Der sFlt-1/PlGF-Quotient hat sich bezogen auf den diagnostischen Algorithmus und die Prognoseabschätzung der Präeklampsie (PE) im klinischen Alltag etabliert. Mütterliche und gestationsbedingte Komorbiditäten können die Performance des sFlt-1/PlGF-Quotienten und seiner Bestandteile beeinflussen und erfordern ein entsprechendes Wissen über mögliche Fallstricke. Ziel dieser Arbeit ist es, eine aktuelle, narrative Literaturübersicht im Kontext der diagnostischen und prädiktiven Performance des sFlt-1/PlGF-Quotienten in speziellen Patientinnenkollektiven zu geben. Zu potenziellen Störfaktoren der klinischen Interpretier- und Anwendbarkeit des sFlt-1/PlGF-Quotienten zählen hier u. a. eine chronische Nierenerkrankung, Zwillingsschwangerschaften und eine mütterliche Adipositas.

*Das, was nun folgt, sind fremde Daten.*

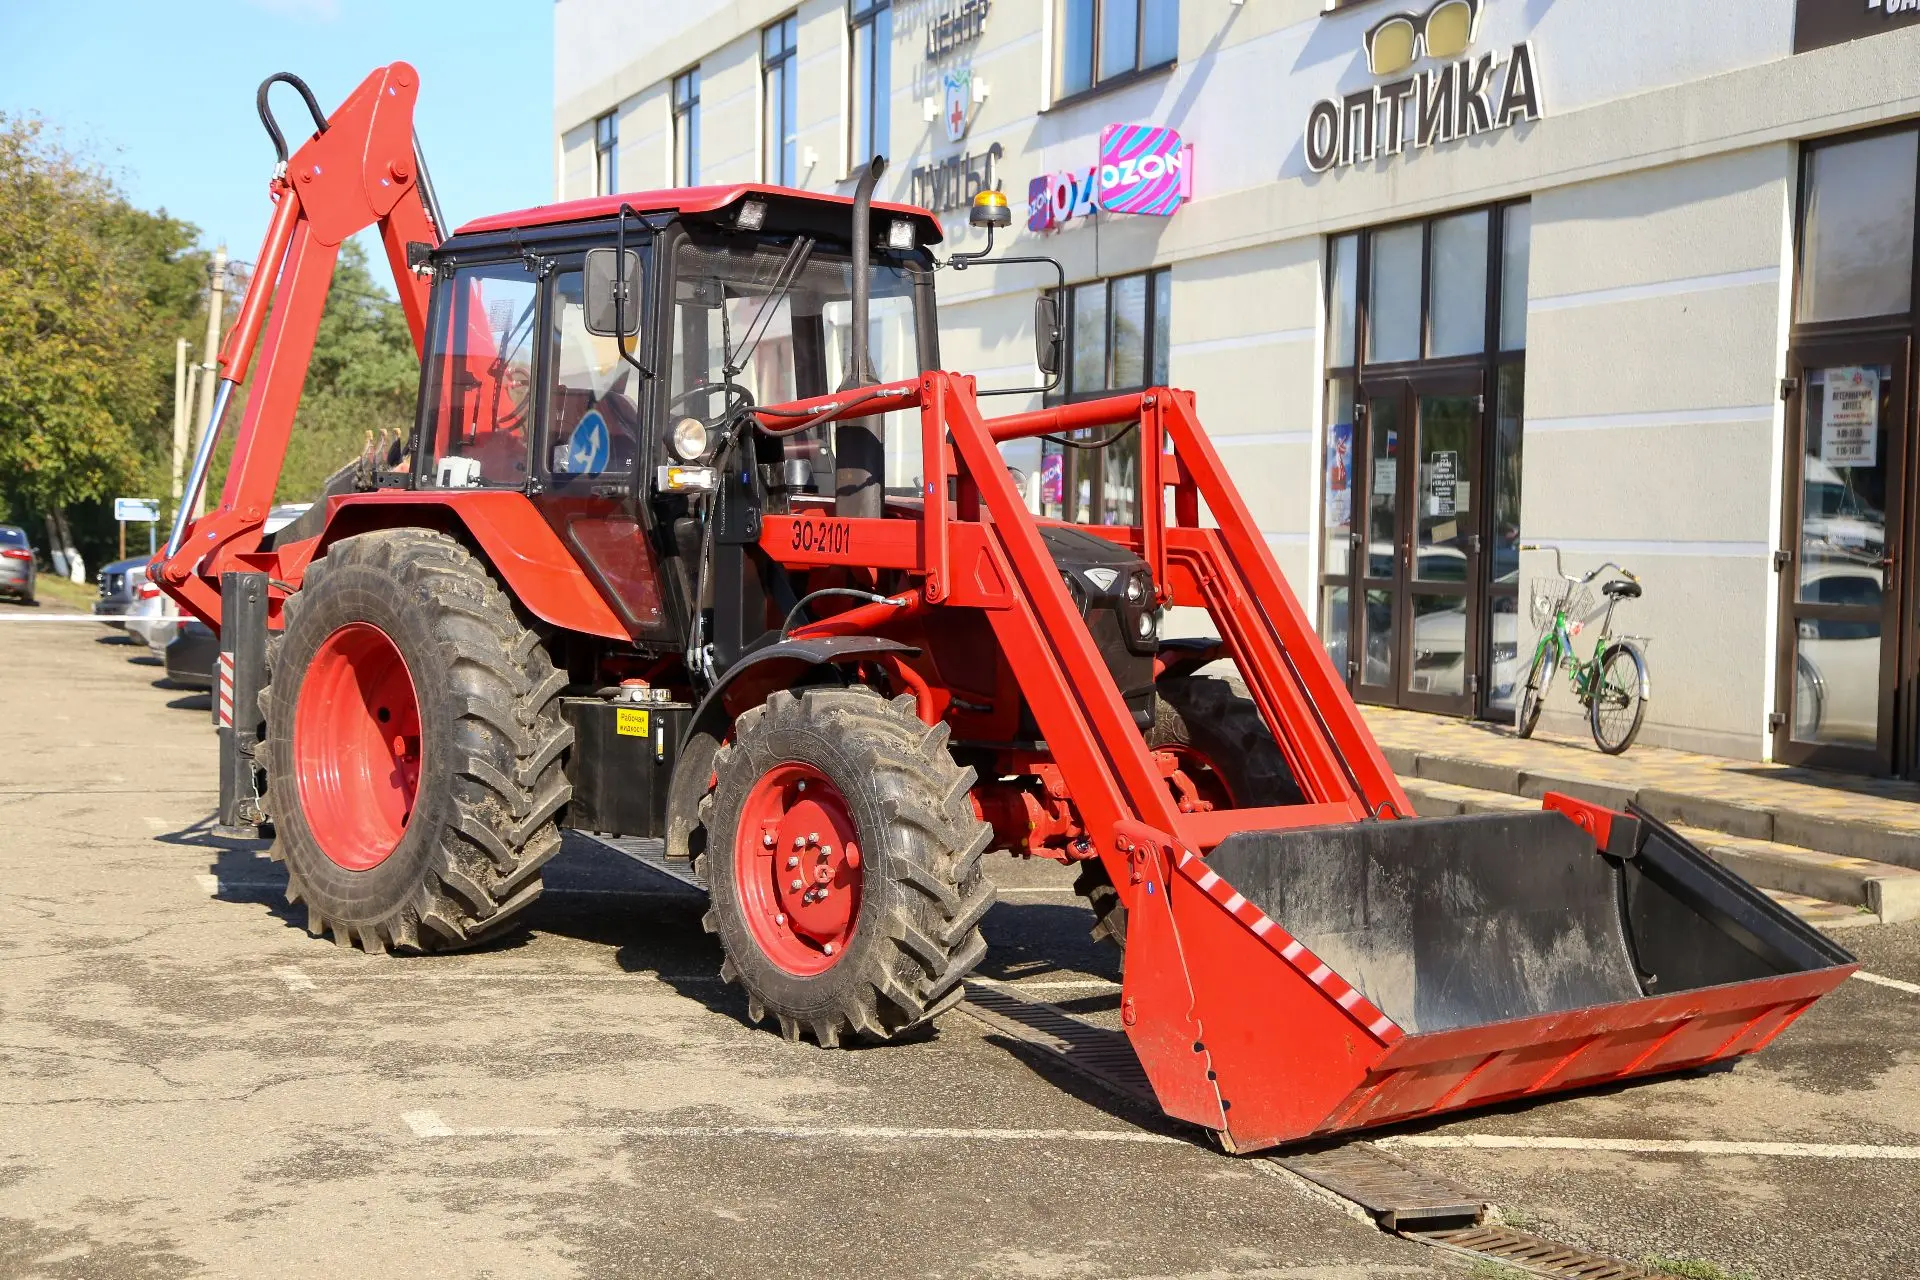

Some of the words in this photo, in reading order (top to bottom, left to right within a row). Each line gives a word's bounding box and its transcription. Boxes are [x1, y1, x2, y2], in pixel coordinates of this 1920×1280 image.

[926, 0, 989, 64] ЦЕНТР
[1305, 39, 1543, 172] ОПТИКА
[911, 142, 1003, 212] ПУЛЬС
[1102, 151, 1182, 188] OZON
[792, 520, 850, 554] ЭО-2101

Dabei kommt es auf Basis von pathophysiologischen Mechanismen zu unterschiedlichen Konzentrationen von sFlt-1 und/oder PlGF im Blut der Mutter, wodurch eine Übertragung der gängigen Cut-off-Werte fehleranfällig sein kann. Inwieweit bei diesen Patientinnengruppen eine Anpassung der Cut-off-Werte erfolgen sollte, kann nur in großen prospektiven Kohortenstudien geklärt werden. Dies gilt sowohl für die Frage der Diagnose als auch Prognose.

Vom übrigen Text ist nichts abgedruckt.